This surrender of Detroit was on the 29th of November, 1760. The posts elsewhere in the lake region north and west were not reached until some time afterward. The English now thought they had the country perfectly in their own hands and that there was but little trouble ahead; but in this respect they were mistaken. The French renewed their efforts to circulate reports among the Indians that the English intended to take all their land from them, etc. The slaughter of the Monongahela, the massacre at Fort William Henry and the horrible devastation of the Western frontier, all bore witness to the fact that the French were successful in prejudicing the Indians against the British, and the latter began to have trouble at various points.

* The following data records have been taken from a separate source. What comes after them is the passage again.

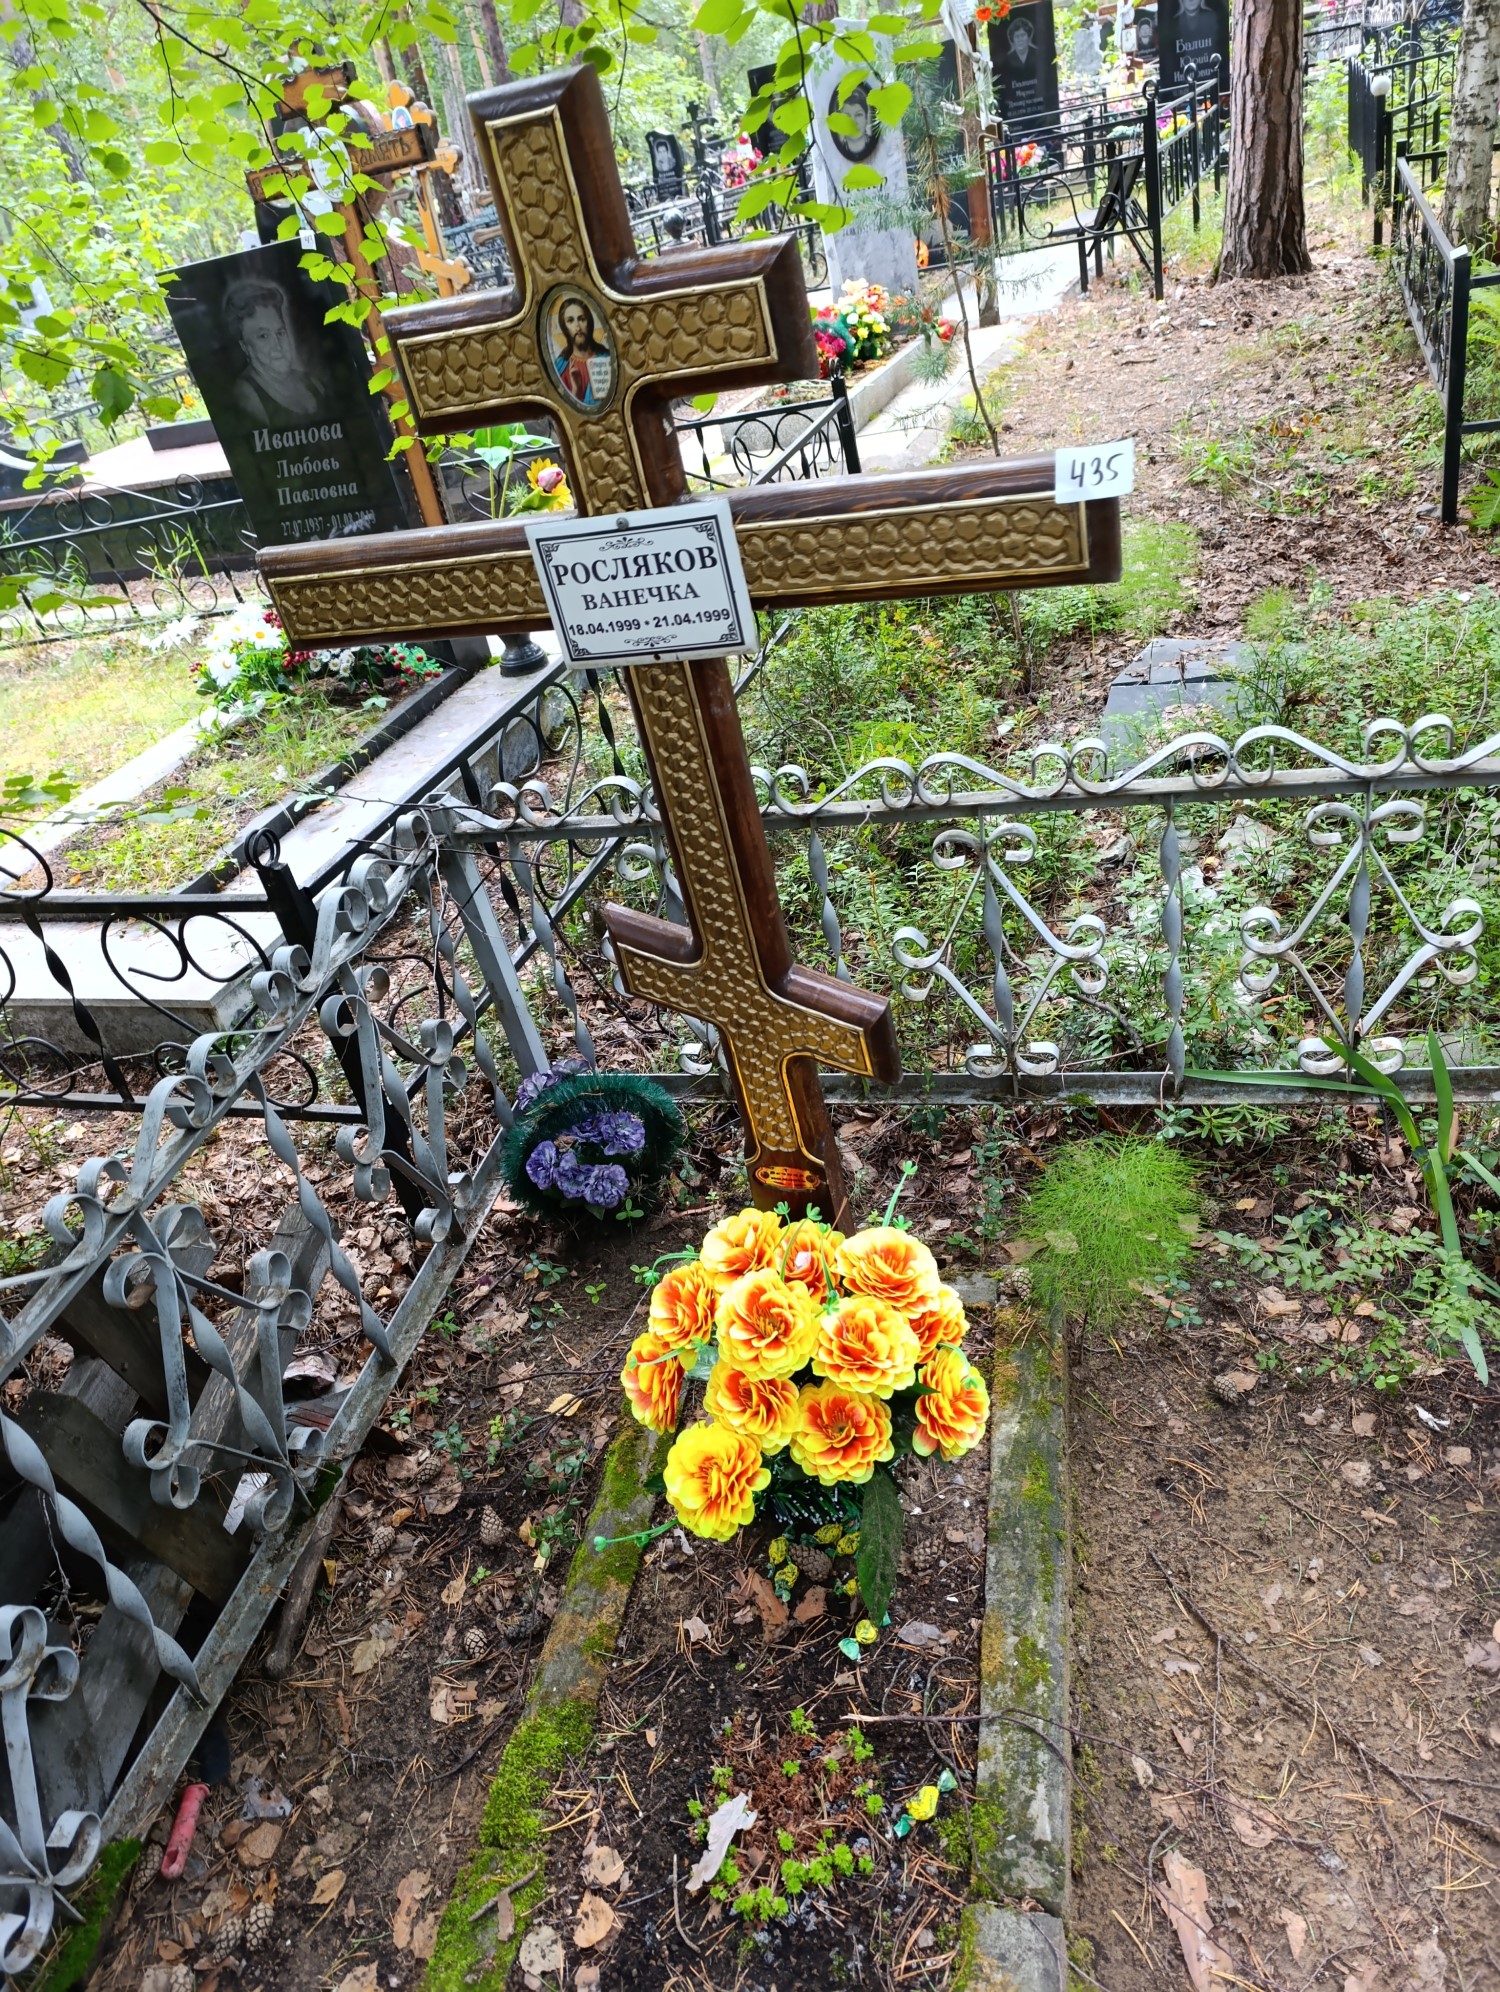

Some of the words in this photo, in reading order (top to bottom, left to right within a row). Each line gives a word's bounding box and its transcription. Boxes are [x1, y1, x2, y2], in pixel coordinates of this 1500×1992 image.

[252, 422, 344, 453] Иванова
[276, 456, 340, 479] Любовь
[1070, 452, 1125, 488] 435
[276, 482, 359, 506] Павловна
[551, 545, 718, 586] РОСЛЯКОВ
[581, 582, 701, 611] ВАНЕЧКА
[568, 618, 641, 637] 18.04.1999
[653, 608, 730, 628] 21.04.1999

The French had always been in the habit of making presents to the Indians, keeping them supplied with arms, ammunition, etc., and it was not their policy to settle upon their lands. The British, on the other hand, now supplied them with nothing, frequently insulting them when they appeared around the forts. Everything conspired to fix the Indian population in their prejudices against the British Government. Even the seeds of the American Revolution were scattered into the West and began to grow.

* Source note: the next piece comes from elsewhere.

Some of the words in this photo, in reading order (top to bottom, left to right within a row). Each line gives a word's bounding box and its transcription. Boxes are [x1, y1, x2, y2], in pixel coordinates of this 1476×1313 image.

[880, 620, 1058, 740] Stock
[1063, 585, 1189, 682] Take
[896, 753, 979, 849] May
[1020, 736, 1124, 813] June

The first Indian chief to raise the war-whoop was probably Kiashuta, of the Senecas, but Pontiac, of the Ottawas, was the great George Washington of all the tribes to systemize and render effectual the initial movements of the approaching storm. His home was about eight miles above Detroit, on Pechee Island, which looks out upon the waters of Lake St. Clair. He was a well-formed man, with a countenance indicating a high degree of intelligence. In 1746 he had successfully defended Detroit against the northern tribes, and it is probable he was present and assisted in the defeat of Braddock.

About the close of 1762 he called a general council of the tribes, sending out embassadors in all directions, who with the war-belt of wampum and the tomahawk went from village to village and camp to camp, informing the sachems everywhere that war was impending, and delivering to them the message of Pontiac. They all approved the message, and April 27, 1763, a grand council was held near Detroit, when Pontiac stood forth in war paint and delivered

"the great speech of the campaign." The English were slow to perceive any dangerous conspiracy in progress, and when the blow was struck, nine out of twelve of the British posts were surprised and destroyed! Three of these were within the bounds of this

State.

The first prominent event of the war was the

MASSACRE AT FORT MICHILIMACKINAC,

on the northernmost point of the southern peninsula, the site of the present city of Mackinaw. This Indian outrage was one of the most ingeniously devised and resolutely executed schemes in American history. The Chippewas (or Ojibways) appointed one of their big ball plays in the vicinity of the post, and invited and inveigled as many of the occupants as they could to the scene of play, then fell upon the unsuspecting and unguarded English in the most brutal manner. For the details of this horrible scene we are indebted to Alexander Henry, a trader at that point, who experienced several most blood-curdling escapes from death and scalping at the hands of the savages. The result of the massacre was the death of about 70 out of 90 persons. The Ottawa Indians, who occupied mainly the eastern portion of the lower peninsula, were not consulted by the Chippewas with reference to attacking Michilimackinac, and were consequently so enraged that they espoused the cause of the English, through spite; and it was through their instrumentality that Mr. Henry and some of his comrades were saved from death and conveyed east to the regions of civilization.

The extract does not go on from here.